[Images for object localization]
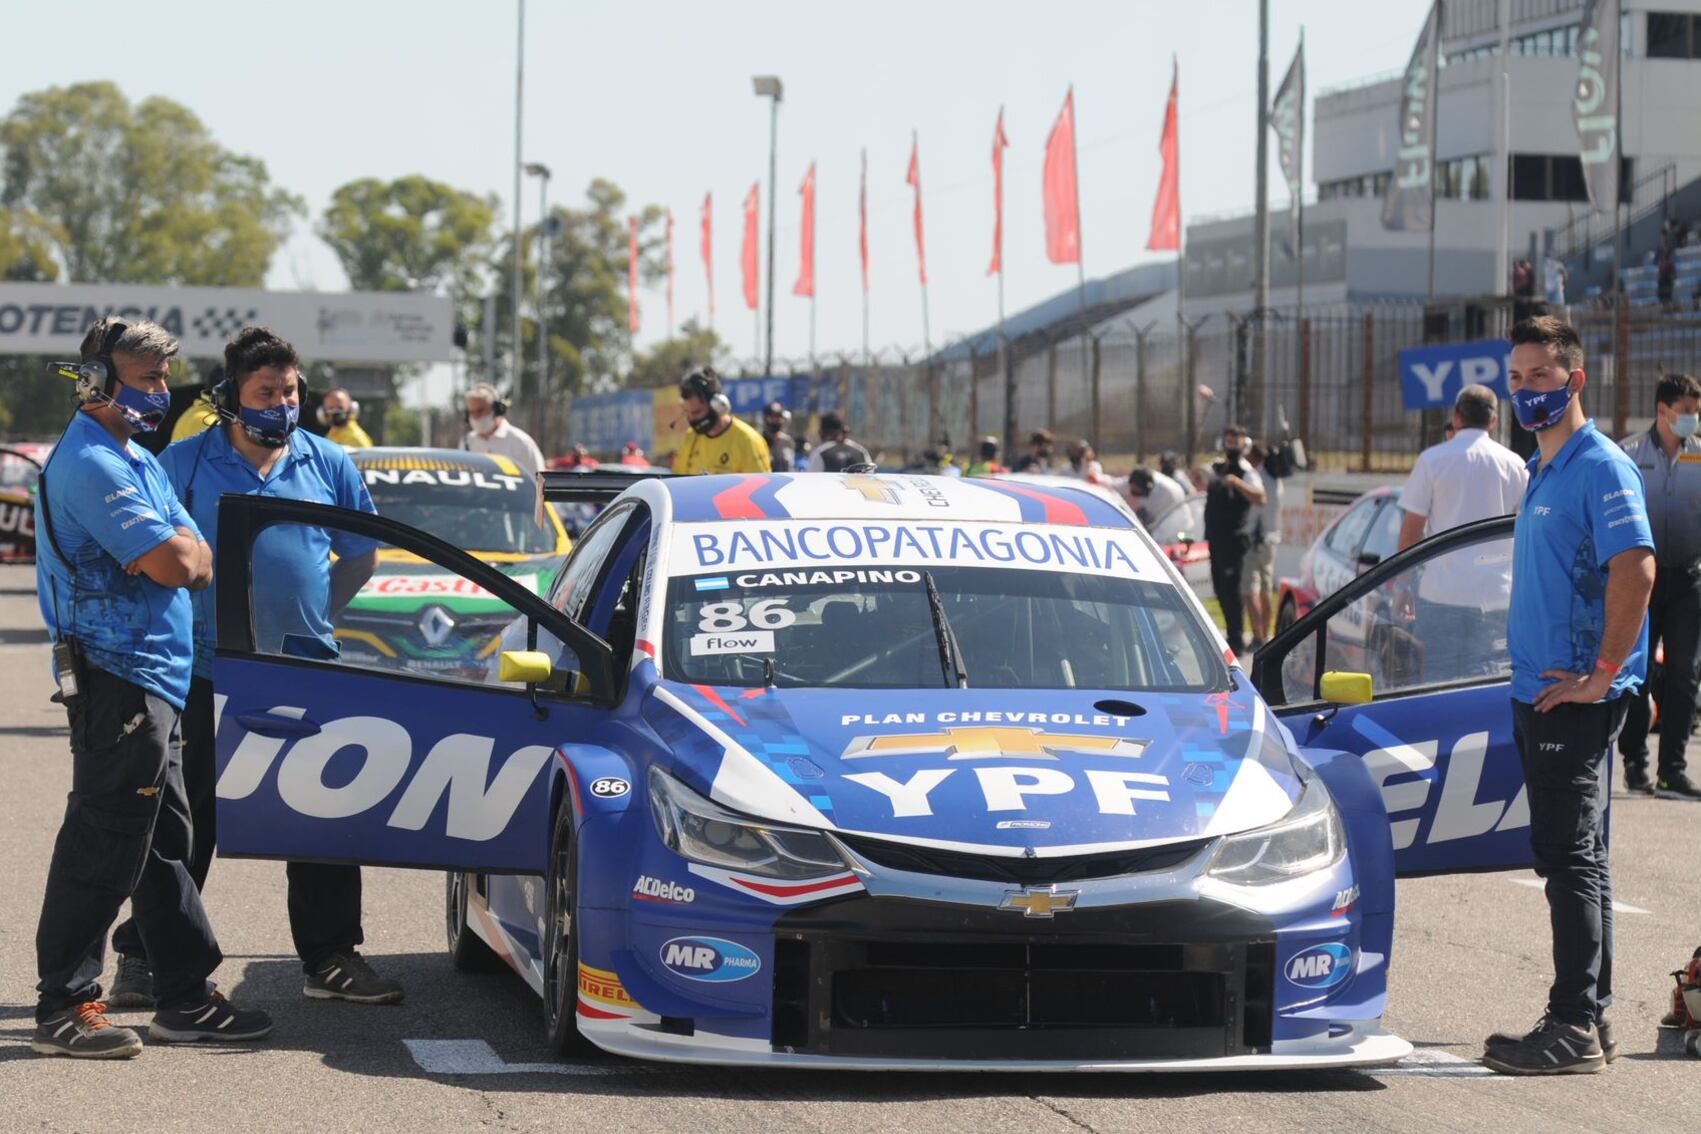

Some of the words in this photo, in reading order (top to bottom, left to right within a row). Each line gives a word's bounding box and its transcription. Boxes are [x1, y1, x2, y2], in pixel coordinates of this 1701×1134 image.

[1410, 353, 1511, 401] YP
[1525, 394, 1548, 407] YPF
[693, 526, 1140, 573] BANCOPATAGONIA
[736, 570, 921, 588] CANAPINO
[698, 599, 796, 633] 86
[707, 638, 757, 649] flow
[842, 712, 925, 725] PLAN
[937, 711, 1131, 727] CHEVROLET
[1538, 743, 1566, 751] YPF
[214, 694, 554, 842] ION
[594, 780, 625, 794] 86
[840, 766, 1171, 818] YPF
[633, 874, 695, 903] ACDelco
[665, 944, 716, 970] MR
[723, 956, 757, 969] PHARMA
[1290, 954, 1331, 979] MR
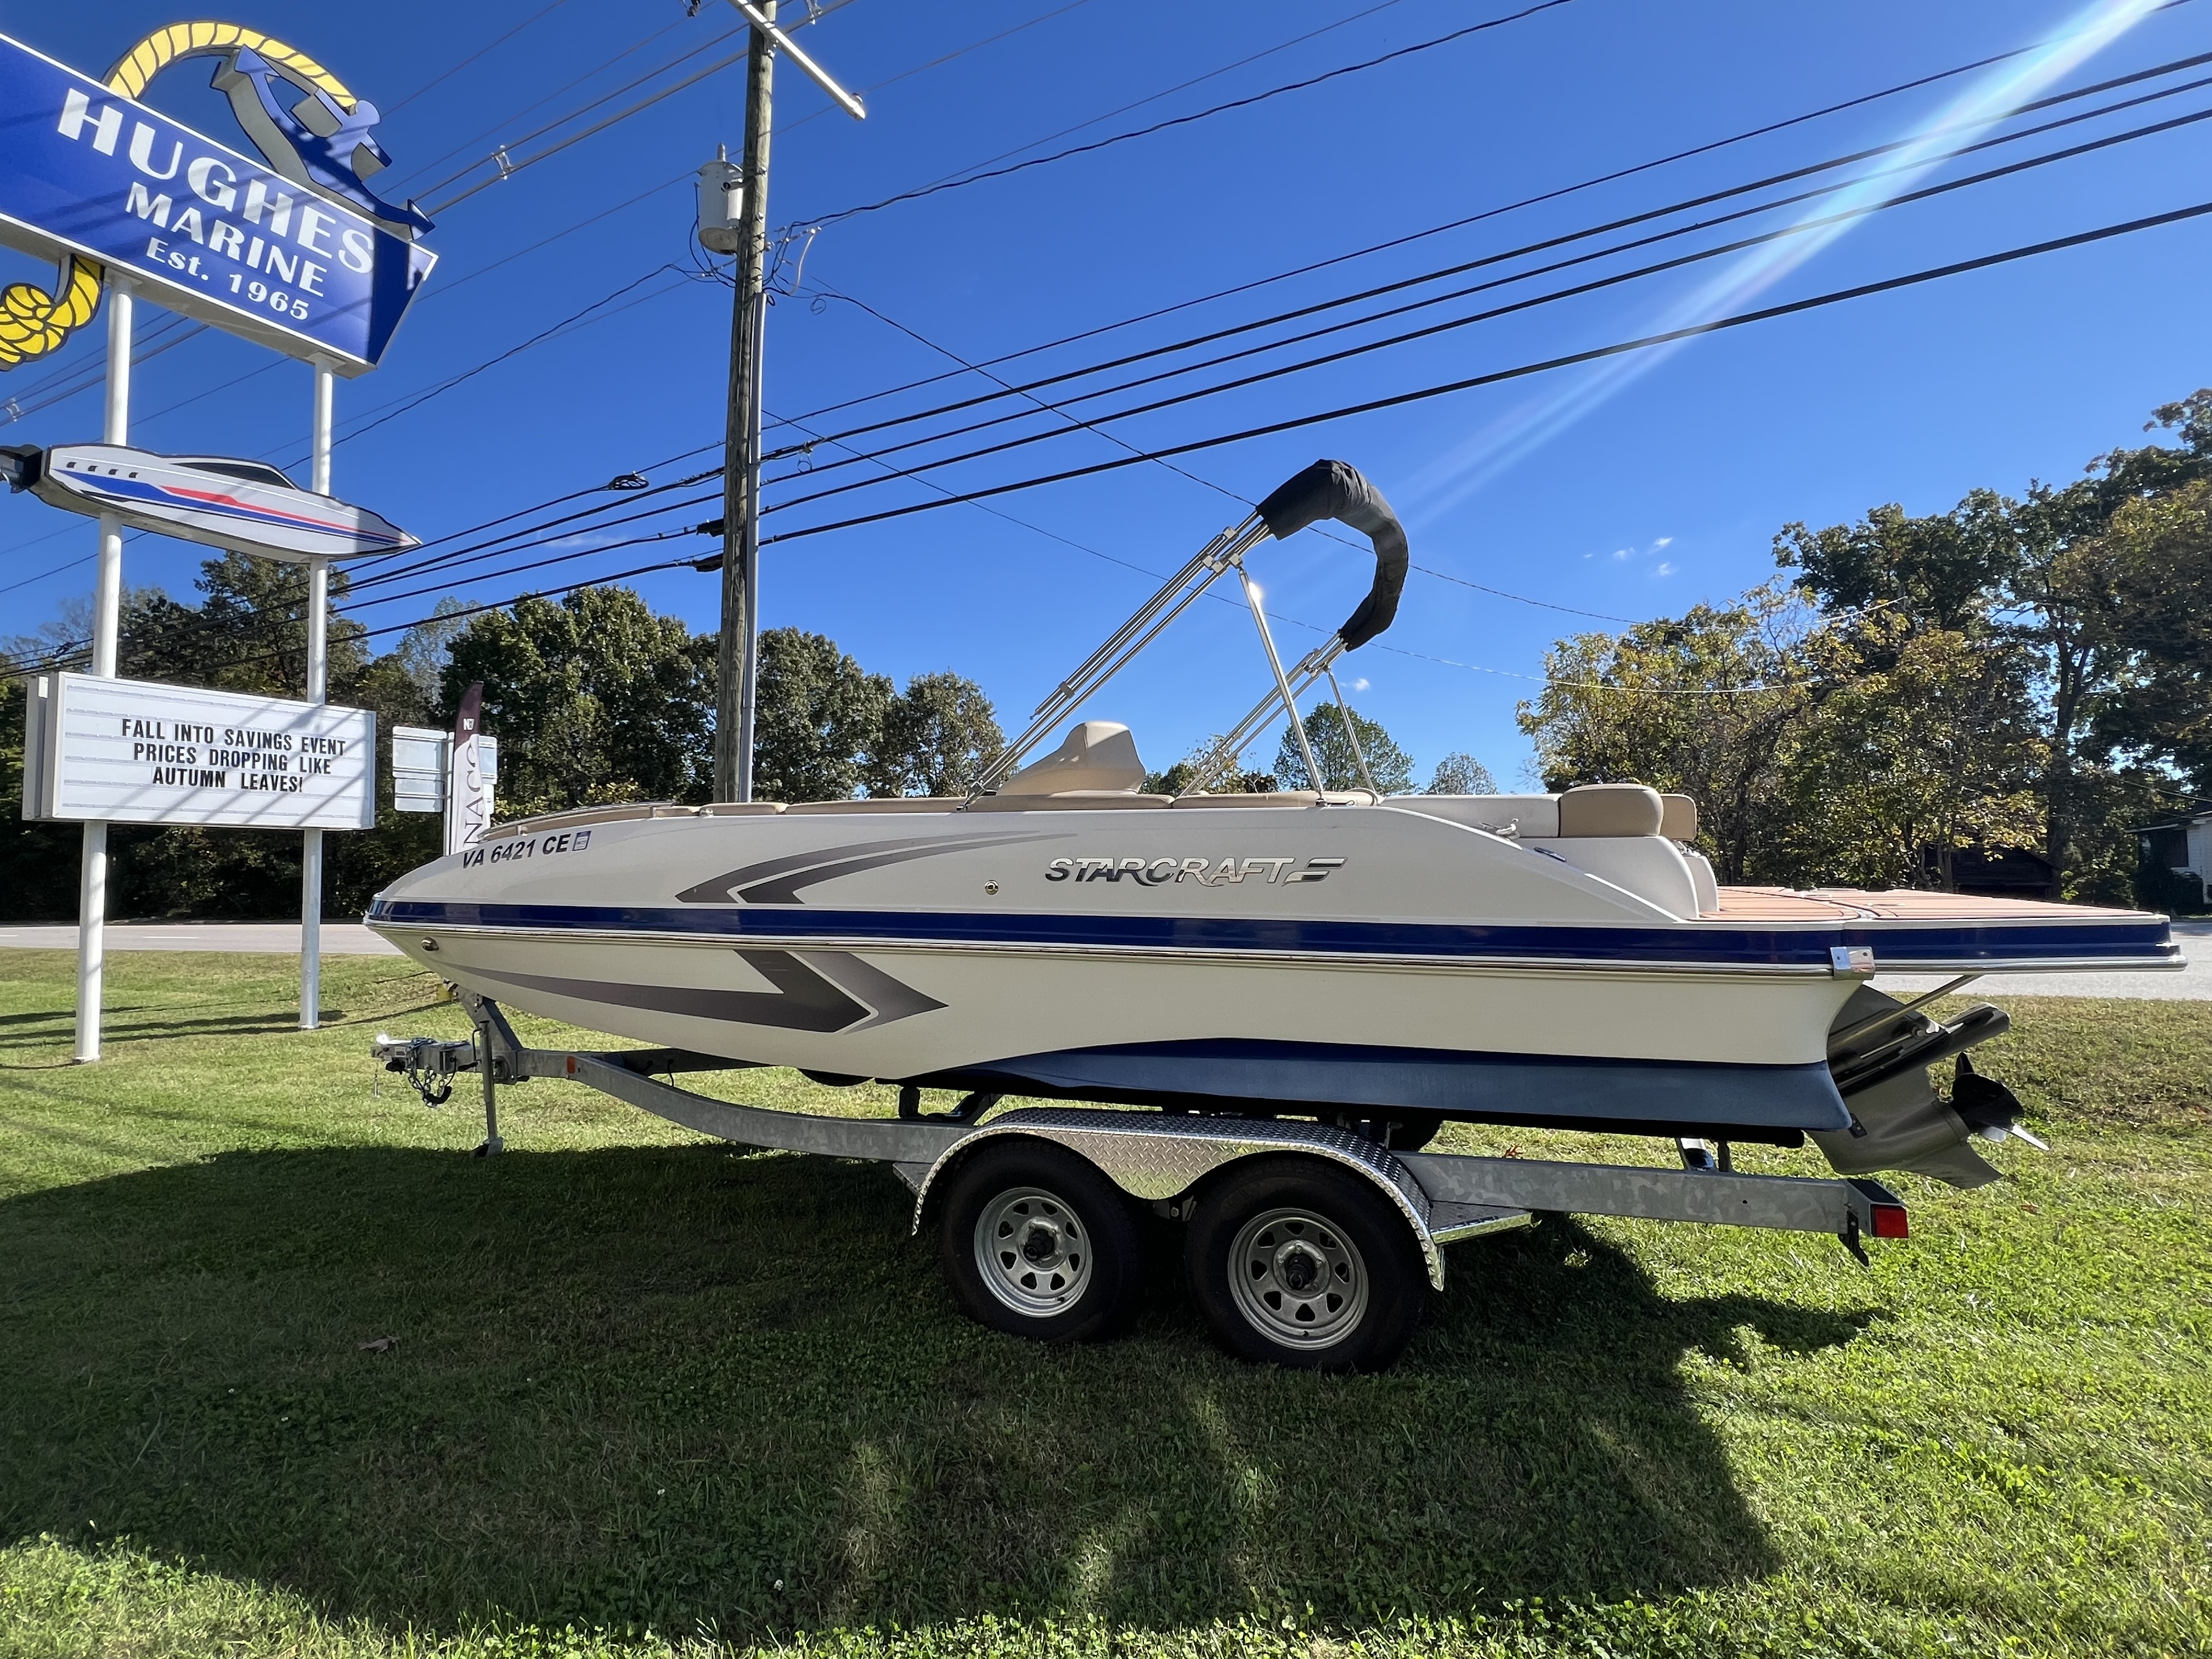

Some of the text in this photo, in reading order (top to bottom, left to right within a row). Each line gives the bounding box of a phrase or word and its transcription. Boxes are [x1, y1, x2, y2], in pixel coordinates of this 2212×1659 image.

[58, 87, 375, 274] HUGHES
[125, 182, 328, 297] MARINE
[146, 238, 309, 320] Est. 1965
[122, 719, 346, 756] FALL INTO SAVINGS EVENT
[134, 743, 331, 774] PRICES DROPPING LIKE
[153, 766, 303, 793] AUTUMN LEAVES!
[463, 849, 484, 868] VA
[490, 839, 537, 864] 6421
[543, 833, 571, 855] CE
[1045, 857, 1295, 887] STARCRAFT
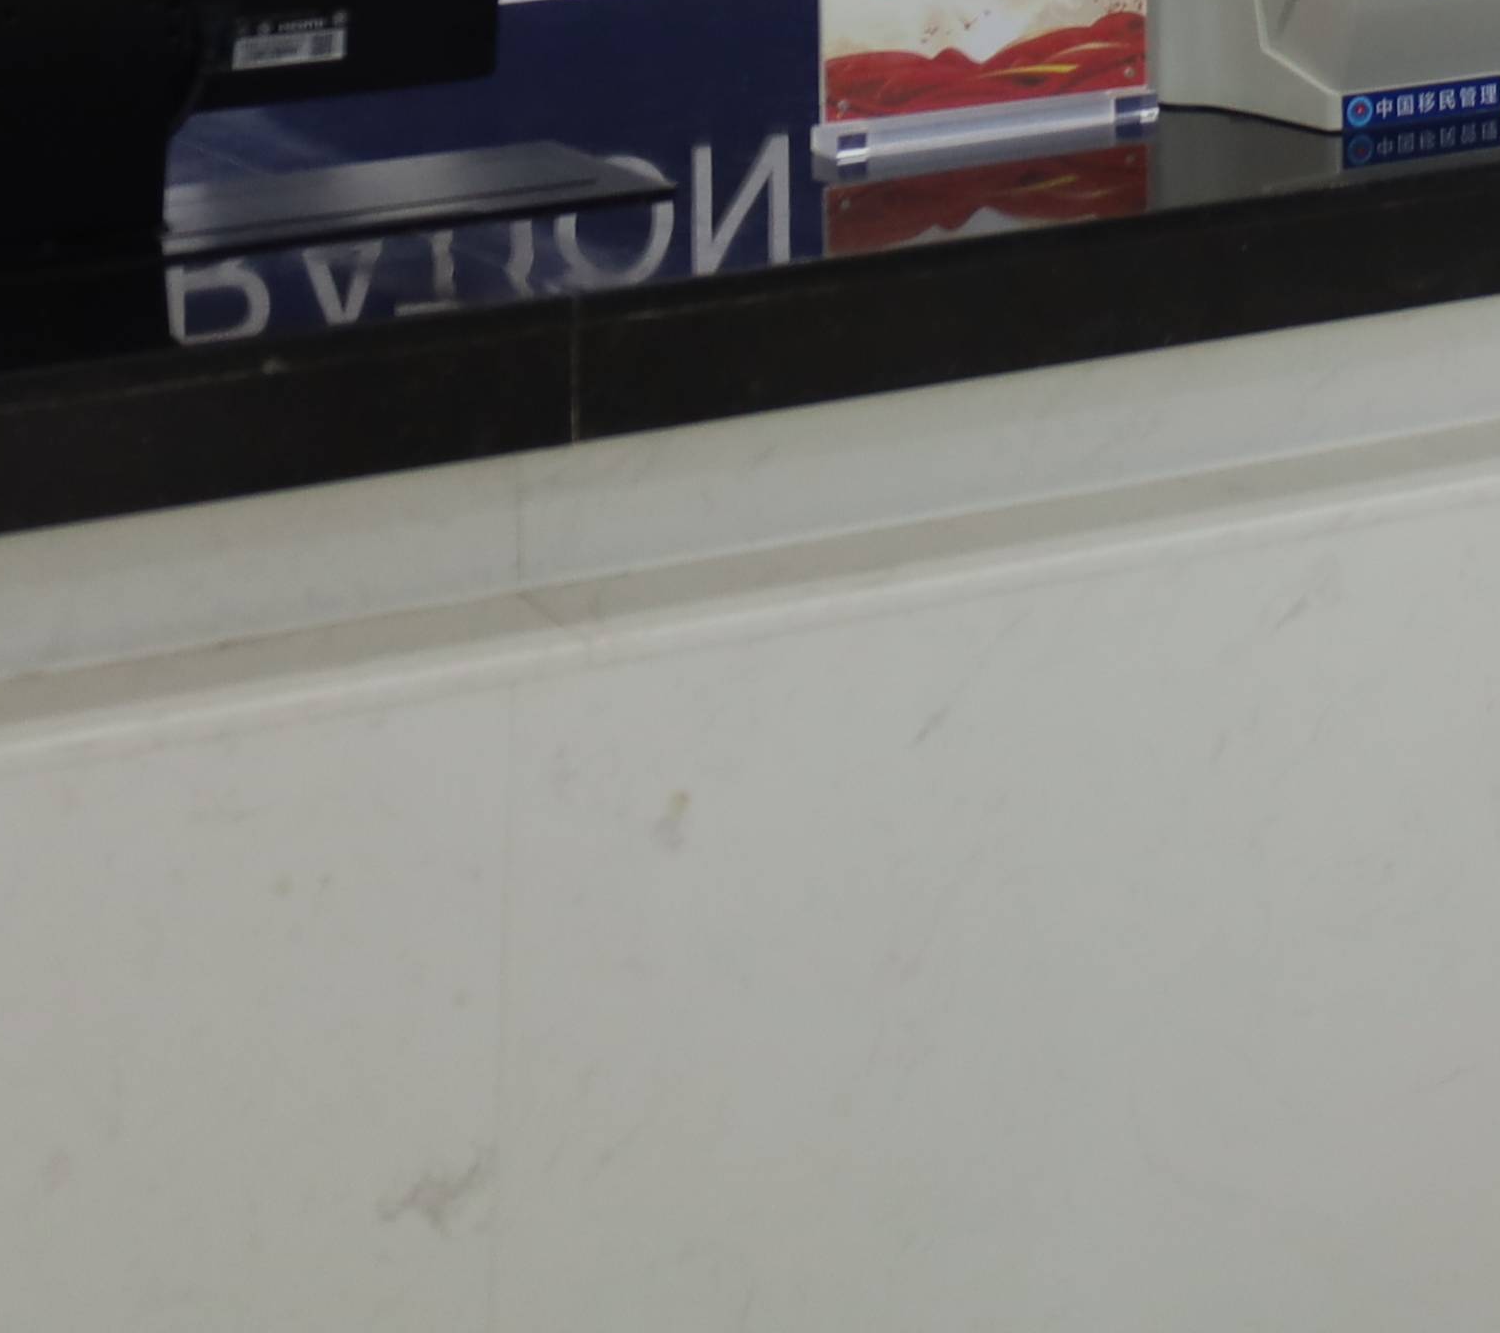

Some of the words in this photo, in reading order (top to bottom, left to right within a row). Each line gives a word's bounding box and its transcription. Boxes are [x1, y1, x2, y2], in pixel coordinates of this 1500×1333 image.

■ What is needed ■
Pictures should be left out when the records above are restated exactly.

■ Answer section ■
Some of the words in this photo, in reading order (top to bottom, left to right within a row). Each line gives a word's bounding box and its transcription. Boxes are [x1, y1, x2, y2], in pixel coordinates of this 1701×1134 image.

[1410, 353, 1511, 401] YP
[1525, 394, 1548, 407] YPF
[693, 526, 1140, 573] BANCOPATAGONIA
[736, 570, 921, 588] CANAPINO
[698, 599, 796, 633] 86
[707, 638, 757, 649] flow
[842, 712, 925, 725] PLAN
[937, 711, 1131, 727] CHEVROLET
[1538, 743, 1566, 751] YPF
[214, 694, 554, 842] ION
[594, 780, 625, 794] 86
[840, 766, 1171, 818] YPF
[633, 874, 695, 903] ACDelco
[665, 944, 716, 970] MR
[723, 956, 757, 969] PHARMA
[1290, 954, 1331, 979] MR

Some of the text in this photo, in reading order (top to bottom, left to right within a row). Each line gives the bounding box of a phrase or word and its transcription. Boxes are [x1, y1, x2, y2], in pixel coordinates of this 2212×1659 image.

[58, 87, 375, 274] HUGHES
[125, 182, 328, 297] MARINE
[146, 238, 309, 320] Est. 1965
[122, 719, 346, 756] FALL INTO SAVINGS EVENT
[134, 743, 331, 774] PRICES DROPPING LIKE
[153, 766, 303, 793] AUTUMN LEAVES!
[463, 849, 484, 868] VA
[490, 839, 537, 864] 6421
[543, 833, 571, 855] CE
[1045, 857, 1295, 887] STARCRAFT

Some of the words in this photo, in reading order (top to bottom, left to right within a row). Each line gives a word's bounding box and its transcription. Boxes are [x1, y1, x2, y2], in pixel coordinates of this 1500×1333 image.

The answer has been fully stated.